Steve Groff: Steve and his family produce vegetables, alfalfa and grain crops on 175 acres in Lancaster County, Pennsylvania. When Steve took over operation of the family farm 15 years ago, his number one concern was eliminating soil erosion. Consequently, he began using cover crops extensively in his crop fields. In order to transform his green cover crop into no-till mulch, Steve uses a 10-foot Buffalo rolling stalk chopper. Under the hitch-mounted frame, the stalk chopper has two sets of rollers running in tandem. These rollers can be adjusted for light or aggressive action and set for continuous coverage. Steve says the machine can be run up to 8 miles an hour and does a good job of killing the cover crop and pushing it right down on the soil. It can also be used to flatten down other crop residues after harvest. Groff improved his chopper by adding independent linkages and springs to each roller. This modification makes each unit more flexible to allow continuous use over uneven terrain. Other farmers report similar results using a disc harrow with the gangs set to run straight or at a slight angle. Following his cover crop chopping, Groff transplants vegetable seedlings into the killed mulch; sweet corn and snap beans are direct-seeded. Since converting to a cover crop mulch system, his soils are protected from erosion and have become much mellower. For more information on his system, order Steve's videos listed under the Additional Information Resources section of this publication, or visit his web page: http://www.cedarmeadowfarm.com/about.html At Steve's web site you can see photos of his cover crop roller and no-till transplanter in action, and test-plot results comparing flail mowing, rolling, and herbicide killing of cover crops.

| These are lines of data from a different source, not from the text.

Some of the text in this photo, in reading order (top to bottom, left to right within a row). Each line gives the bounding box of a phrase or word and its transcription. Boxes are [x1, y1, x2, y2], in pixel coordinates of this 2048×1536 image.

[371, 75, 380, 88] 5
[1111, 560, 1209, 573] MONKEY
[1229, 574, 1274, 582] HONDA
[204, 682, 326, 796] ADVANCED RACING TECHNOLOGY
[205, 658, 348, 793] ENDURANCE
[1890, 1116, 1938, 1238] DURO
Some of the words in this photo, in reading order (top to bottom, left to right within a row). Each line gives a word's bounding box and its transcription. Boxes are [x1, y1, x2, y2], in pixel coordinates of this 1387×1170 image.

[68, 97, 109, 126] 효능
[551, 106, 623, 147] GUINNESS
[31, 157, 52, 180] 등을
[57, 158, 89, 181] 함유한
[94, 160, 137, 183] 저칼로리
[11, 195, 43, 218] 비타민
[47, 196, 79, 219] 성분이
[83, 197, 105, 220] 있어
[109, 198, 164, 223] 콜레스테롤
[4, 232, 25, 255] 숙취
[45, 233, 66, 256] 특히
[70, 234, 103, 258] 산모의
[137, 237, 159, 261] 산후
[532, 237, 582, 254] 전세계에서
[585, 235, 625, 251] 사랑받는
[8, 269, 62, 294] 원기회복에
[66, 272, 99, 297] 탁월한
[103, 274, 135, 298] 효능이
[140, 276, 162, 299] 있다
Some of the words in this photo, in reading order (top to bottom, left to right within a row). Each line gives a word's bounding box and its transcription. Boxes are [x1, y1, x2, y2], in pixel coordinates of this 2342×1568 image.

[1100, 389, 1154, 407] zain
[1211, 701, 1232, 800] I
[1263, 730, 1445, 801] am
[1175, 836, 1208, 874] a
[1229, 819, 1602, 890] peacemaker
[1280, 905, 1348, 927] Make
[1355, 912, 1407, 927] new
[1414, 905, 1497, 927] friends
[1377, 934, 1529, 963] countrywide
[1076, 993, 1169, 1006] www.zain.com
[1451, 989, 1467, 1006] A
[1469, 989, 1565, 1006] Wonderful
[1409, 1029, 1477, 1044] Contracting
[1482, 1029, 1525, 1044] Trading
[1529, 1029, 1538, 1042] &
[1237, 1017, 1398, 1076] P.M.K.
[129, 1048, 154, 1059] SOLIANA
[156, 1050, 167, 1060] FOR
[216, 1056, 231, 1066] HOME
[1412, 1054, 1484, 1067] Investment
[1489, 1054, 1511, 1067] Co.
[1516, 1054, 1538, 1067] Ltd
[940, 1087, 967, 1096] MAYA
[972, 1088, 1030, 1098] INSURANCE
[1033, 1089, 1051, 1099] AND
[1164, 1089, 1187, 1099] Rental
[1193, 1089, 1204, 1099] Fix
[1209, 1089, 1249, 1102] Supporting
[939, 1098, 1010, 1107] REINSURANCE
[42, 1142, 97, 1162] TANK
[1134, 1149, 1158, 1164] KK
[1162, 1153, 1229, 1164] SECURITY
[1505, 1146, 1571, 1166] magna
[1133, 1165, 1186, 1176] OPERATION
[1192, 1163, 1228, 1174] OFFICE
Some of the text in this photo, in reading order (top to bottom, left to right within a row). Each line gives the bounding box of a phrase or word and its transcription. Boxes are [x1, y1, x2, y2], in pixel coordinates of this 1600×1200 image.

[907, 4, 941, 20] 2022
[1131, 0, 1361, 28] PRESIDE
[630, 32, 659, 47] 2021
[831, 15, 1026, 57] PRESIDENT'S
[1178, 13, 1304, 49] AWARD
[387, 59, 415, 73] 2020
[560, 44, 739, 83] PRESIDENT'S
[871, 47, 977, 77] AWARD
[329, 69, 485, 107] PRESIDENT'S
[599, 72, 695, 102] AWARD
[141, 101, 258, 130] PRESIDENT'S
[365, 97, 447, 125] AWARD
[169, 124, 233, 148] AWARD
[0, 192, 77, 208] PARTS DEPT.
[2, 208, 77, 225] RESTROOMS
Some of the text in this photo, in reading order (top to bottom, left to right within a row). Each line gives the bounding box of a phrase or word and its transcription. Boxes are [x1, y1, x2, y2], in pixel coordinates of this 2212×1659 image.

Bob Willett: Bob started no-tilling 20 years ago on his Pride, KY, corn and soybean farm. Willet not only reduced his machinery costs by switching to no-till, but also made gains in conserving topsoil. His goal is to develop a healthy level of humus in the top 2 inches, which keeps the seed zone loose. He has stopped sidewall compaction in the seed slot that still plagues his neighbors during wet springs. He attributes this to the increase in humus and organic matter. His soil surface layer is crumbly and doesn't smear when the disk openers pass through. Willett proclaims that earthworms take the place of tillage by incorporating residue and converting it to humus. Worms help aerate his soil and improve internal drainage which contributes to good rooting for his crops (33). Read more on Bob's success in "Building Soil with Residue Farming" published in the August 1998 issue of Tennesee Farmer (33).

David Iles: On the Iles' North Carolina dairy farm the soil has actually changed from red to a dark, almost black color since converting to no-till in 1970. David first learned about no-tillage from his college professor at North Carolina State University in 1964. Before Iles switched to no-tillage, his corn silage yielded between 12 and 15 tons per acre in years with adequate rainfall and between 4 to 5 tons in dry years indicating moisture was his major limiting factor (34). David realized that his water runoff losses and soil erosion were a direct result of tillage. Addressing the root cause of the problem, he switched to no-till and began to spread manure on 1/3 of his land annually. Since these changes, soil water is no longer limiting. If he gets adequate rainfall he makes nearly 20 tons of silage now. David says his land is vastly more productive with increased cation exchange capacity and increased phosphorus levels due to the humus present in his soil. Though his soil pH ranges in the 5.6 to 5.8 level, he applies no lime. His fields are more productive now than when he applied lime in the 70s and more productive than those of his neighbors, who currently use lime and fertilizer.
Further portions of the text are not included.